* TO DO *
The answer must be every line of the records below that contains the word "Burns", copied out.

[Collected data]
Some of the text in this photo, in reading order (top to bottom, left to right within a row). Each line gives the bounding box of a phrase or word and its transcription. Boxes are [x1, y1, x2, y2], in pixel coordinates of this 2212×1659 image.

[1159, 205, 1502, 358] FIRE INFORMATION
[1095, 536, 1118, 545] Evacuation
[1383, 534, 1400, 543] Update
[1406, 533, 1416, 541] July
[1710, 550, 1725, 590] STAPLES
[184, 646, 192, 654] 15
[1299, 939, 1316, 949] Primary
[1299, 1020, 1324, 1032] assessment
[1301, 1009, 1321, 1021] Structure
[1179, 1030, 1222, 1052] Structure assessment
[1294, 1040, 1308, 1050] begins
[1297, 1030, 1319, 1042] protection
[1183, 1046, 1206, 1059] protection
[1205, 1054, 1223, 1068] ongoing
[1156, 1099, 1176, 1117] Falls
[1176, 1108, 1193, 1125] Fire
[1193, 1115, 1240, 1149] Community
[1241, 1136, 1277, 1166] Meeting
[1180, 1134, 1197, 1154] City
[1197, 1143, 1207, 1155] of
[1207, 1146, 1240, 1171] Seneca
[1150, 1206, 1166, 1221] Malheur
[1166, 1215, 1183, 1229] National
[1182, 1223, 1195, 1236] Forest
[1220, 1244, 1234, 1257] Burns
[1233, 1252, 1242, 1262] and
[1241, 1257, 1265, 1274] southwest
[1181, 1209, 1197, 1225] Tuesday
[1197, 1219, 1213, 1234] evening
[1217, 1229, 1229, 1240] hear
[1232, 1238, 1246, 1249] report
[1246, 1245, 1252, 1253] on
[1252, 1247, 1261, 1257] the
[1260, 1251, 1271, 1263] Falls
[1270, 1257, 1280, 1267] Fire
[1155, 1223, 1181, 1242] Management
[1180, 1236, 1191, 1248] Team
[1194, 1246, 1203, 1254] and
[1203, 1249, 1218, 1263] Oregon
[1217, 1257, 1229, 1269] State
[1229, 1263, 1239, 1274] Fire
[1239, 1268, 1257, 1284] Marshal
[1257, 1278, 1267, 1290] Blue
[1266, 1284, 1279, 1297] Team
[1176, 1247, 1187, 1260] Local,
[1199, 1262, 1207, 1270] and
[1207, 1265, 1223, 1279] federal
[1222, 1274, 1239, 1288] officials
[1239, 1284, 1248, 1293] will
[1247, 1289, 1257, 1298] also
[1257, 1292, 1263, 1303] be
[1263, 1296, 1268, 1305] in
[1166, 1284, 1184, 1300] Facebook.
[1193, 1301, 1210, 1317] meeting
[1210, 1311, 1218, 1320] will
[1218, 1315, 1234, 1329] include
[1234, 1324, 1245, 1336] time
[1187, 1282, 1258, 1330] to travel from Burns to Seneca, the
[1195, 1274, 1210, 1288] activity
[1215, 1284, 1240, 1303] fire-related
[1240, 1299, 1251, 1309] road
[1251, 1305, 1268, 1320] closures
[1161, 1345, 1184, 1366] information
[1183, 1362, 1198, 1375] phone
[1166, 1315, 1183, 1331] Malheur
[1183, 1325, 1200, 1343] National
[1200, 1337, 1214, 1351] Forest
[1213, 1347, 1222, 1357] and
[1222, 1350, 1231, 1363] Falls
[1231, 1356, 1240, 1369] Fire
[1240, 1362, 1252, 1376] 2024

* REPLY TO THE TASK *
[1220, 1244, 1234, 1257] Burns
[1187, 1282, 1258, 1330] to travel from Burns to Seneca, the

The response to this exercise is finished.